■ Stored dataset items ■
■ ■ ■ ■ ■
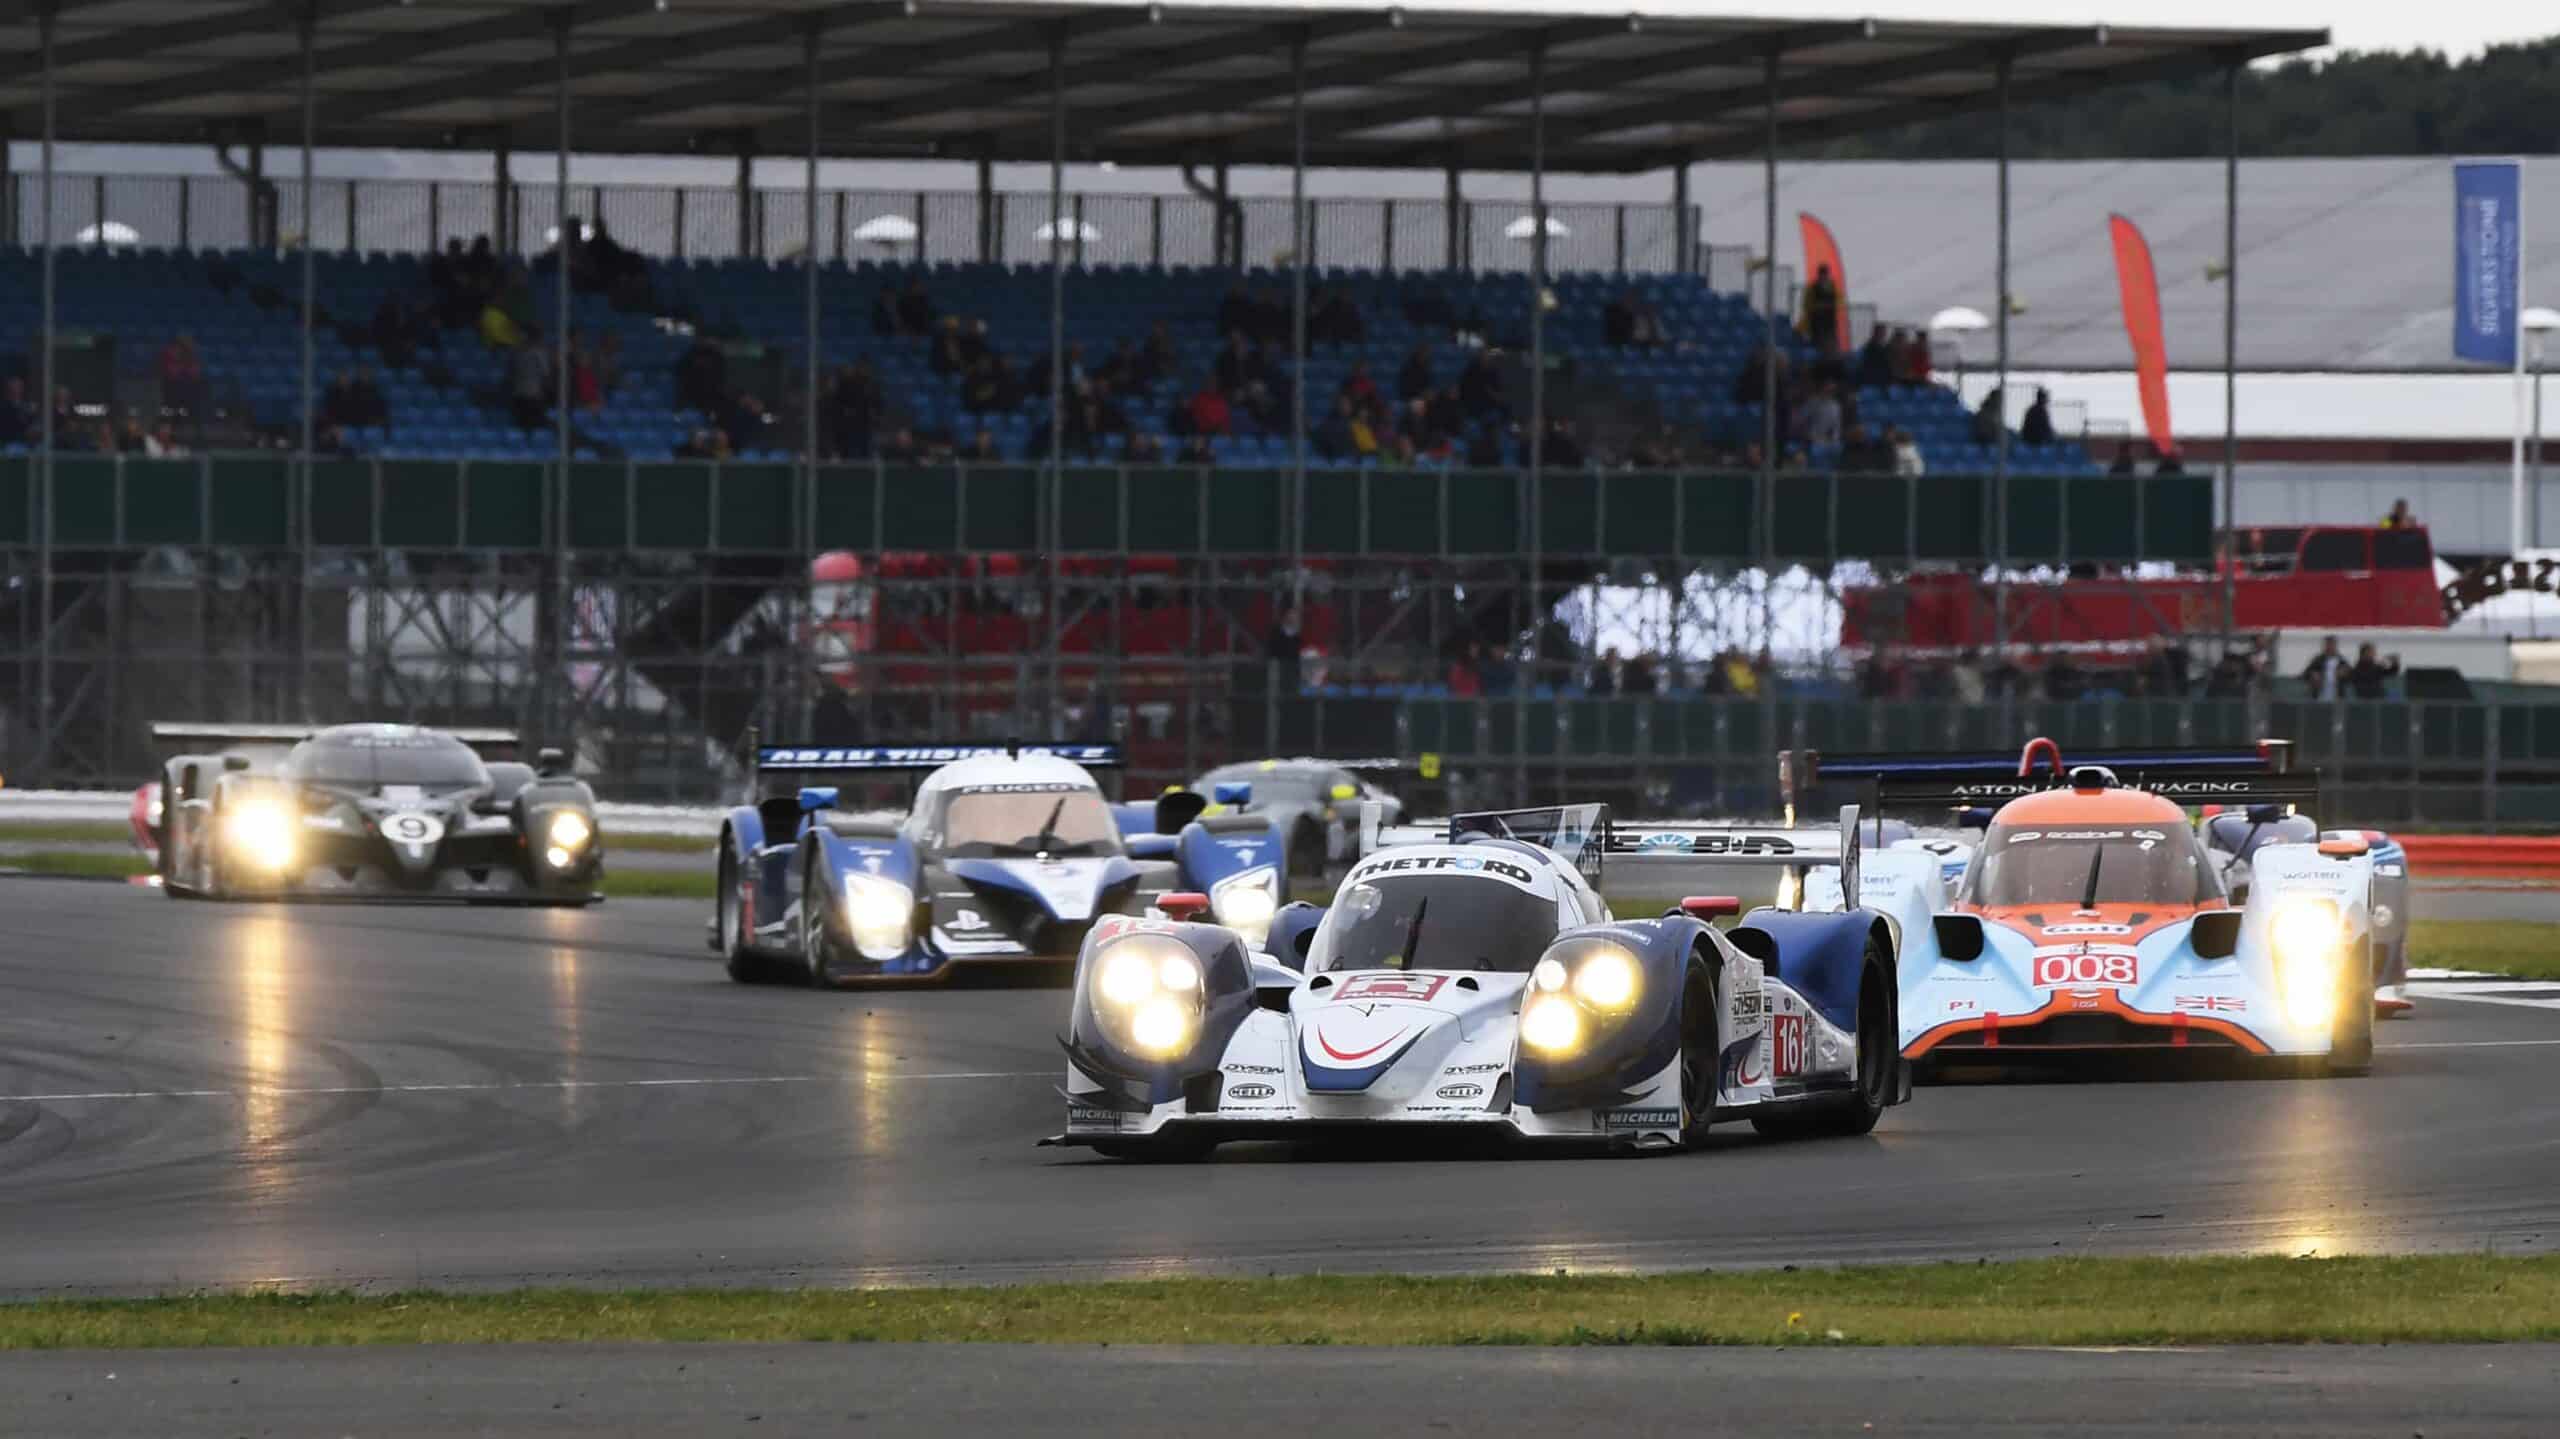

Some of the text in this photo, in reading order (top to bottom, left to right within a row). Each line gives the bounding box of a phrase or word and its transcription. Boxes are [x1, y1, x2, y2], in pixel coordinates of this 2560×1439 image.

[961, 783, 1081, 794] PEUGEOT
[1951, 784, 2037, 795] ASTON
[2150, 781, 2249, 792] RACING
[398, 817, 427, 840] 9
[1353, 857, 1532, 883] THETFORD
[2041, 955, 2134, 984] 008
[1949, 1001, 1976, 1010] P1
[1780, 1017, 1799, 1073] 16
[1225, 1064, 1284, 1074] DYSON
[1443, 1063, 1504, 1074] DYSON
[1608, 1112, 1678, 1123] MICHELIN
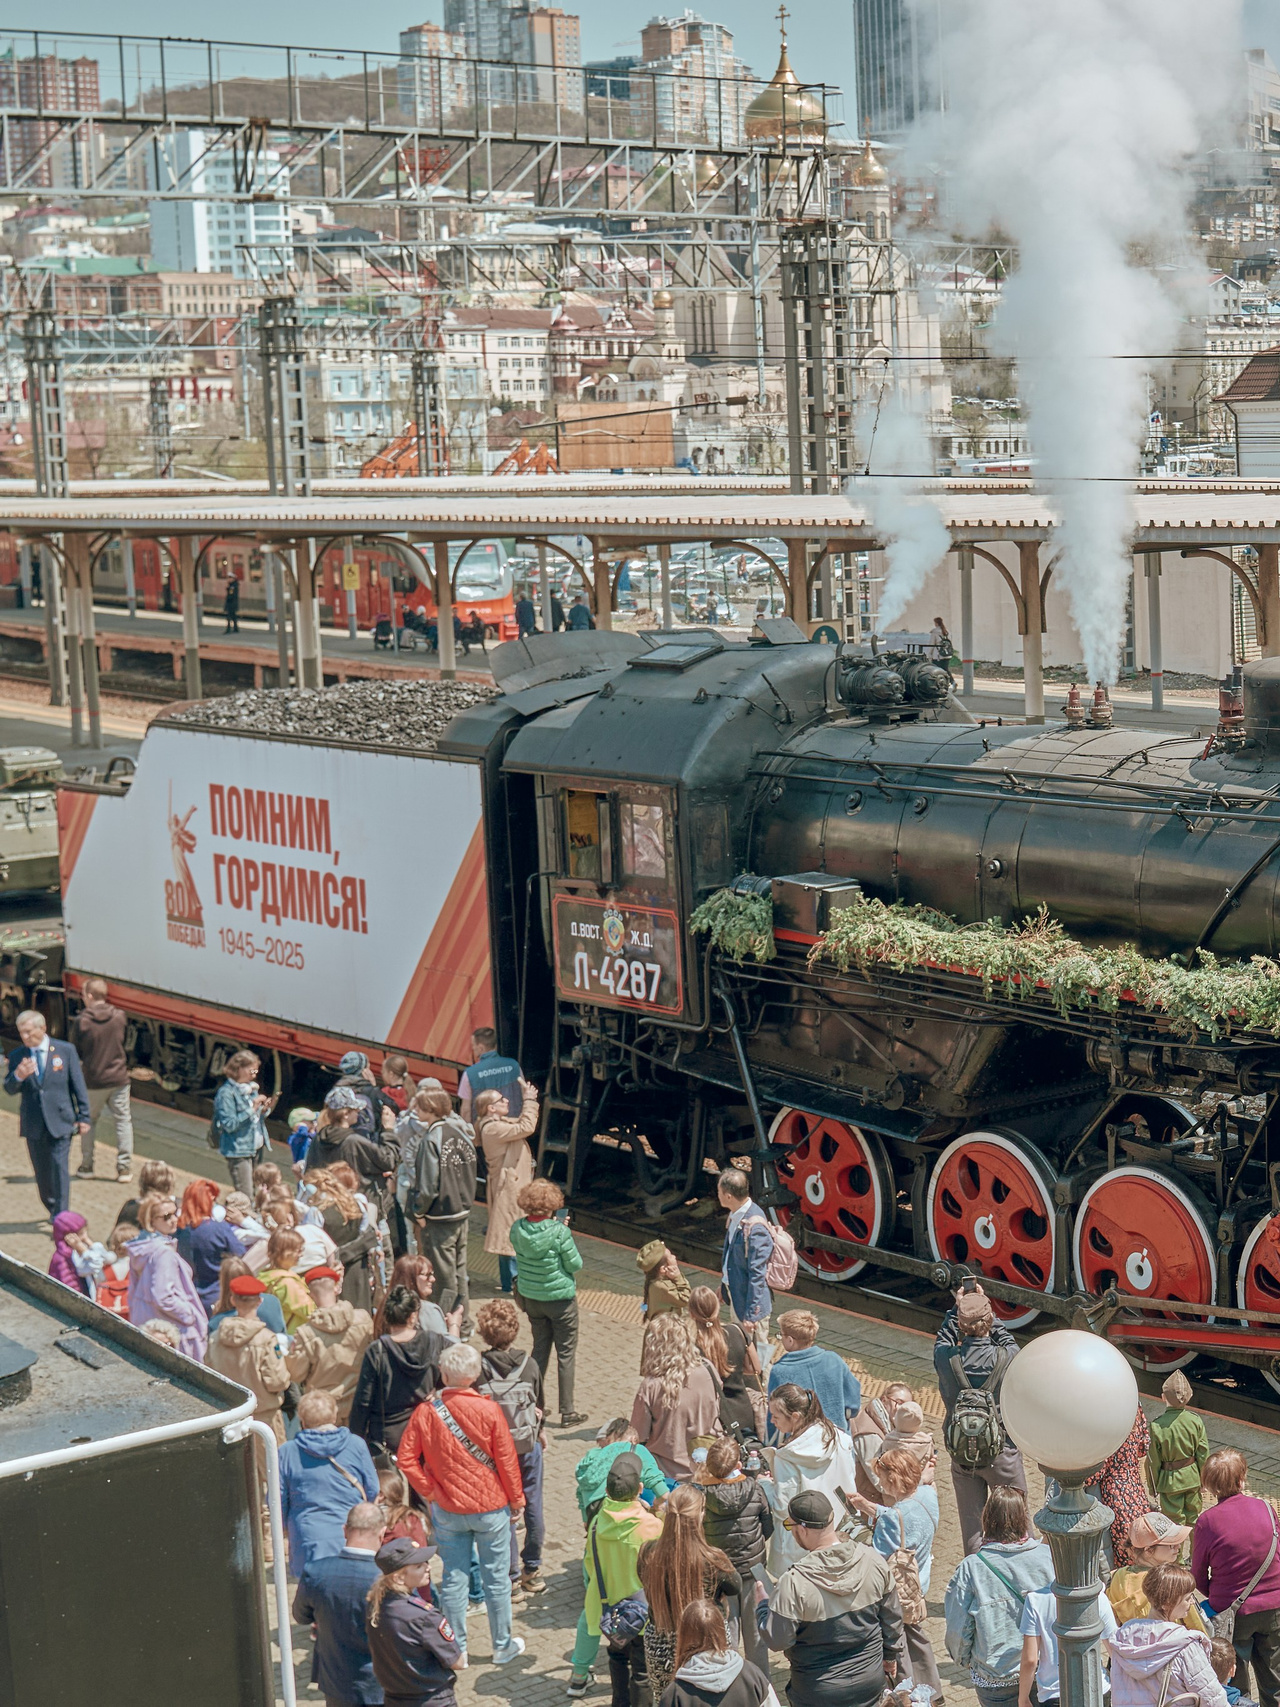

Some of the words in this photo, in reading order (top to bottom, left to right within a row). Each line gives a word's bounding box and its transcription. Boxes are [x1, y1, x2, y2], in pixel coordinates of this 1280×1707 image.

[209, 783, 340, 866] ПОМНИМ,
[165, 879, 185, 917] 80
[213, 853, 368, 934] ГОРДИМСЯ!
[571, 921, 603, 940] Д.ВОСТ.
[631, 930, 653, 948] Ж.Д.
[574, 951, 661, 1003] Л-4287
[478, 1066, 513, 1079] ВОЛОНТЕР
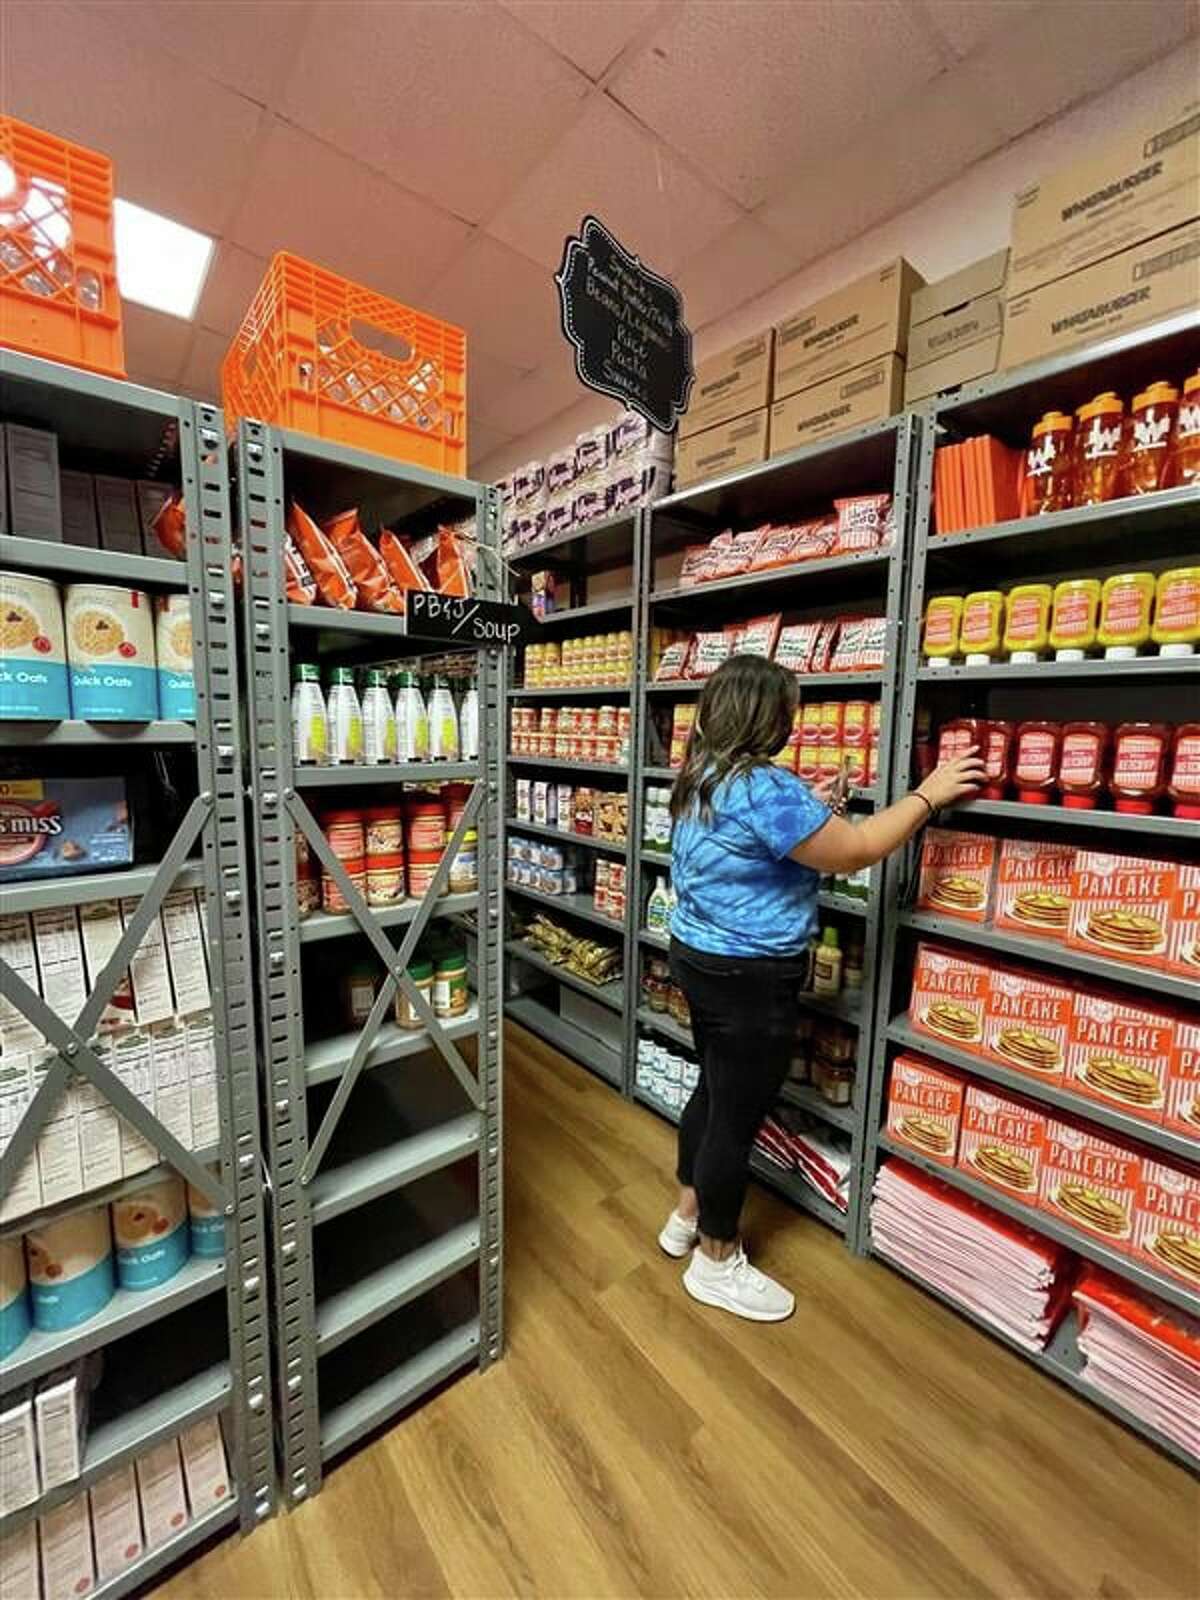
■ ■ ■ ■ ■
■ Task to carry out ■
Without the pictures, return the records above exactly as written.

■ Written reply ■
Some of the text in this photo, in reading order (top to bottom, left to right within a row). Each line gives the bounding box of a phrase or word and its transcription. Boxes are [x1, y1, x2, y2], in pixel coordinates of this 2560×1439 image.

[961, 783, 1081, 794] PEUGEOT
[1951, 784, 2037, 795] ASTON
[2150, 781, 2249, 792] RACING
[398, 817, 427, 840] 9
[1353, 857, 1532, 883] THETFORD
[2041, 955, 2134, 984] 008
[1949, 1001, 1976, 1010] P1
[1780, 1017, 1799, 1073] 16
[1225, 1064, 1284, 1074] DYSON
[1443, 1063, 1504, 1074] DYSON
[1608, 1112, 1678, 1123] MICHELIN

Some of the words in this photo, in reading order (top to bottom, left to right within a row). Each line gives a word's bounding box and its transcription. Boxes are [x1, y1, x2, y2], in pixel coordinates of this 1280×1707 image.

[209, 783, 340, 866] ПОМНИМ,
[165, 879, 185, 917] 80
[213, 853, 368, 934] ГОРДИМСЯ!
[571, 921, 603, 940] Д.ВОСТ.
[631, 930, 653, 948] Ж.Д.
[574, 951, 661, 1003] Л-4287
[478, 1066, 513, 1079] ВОЛОНТЕР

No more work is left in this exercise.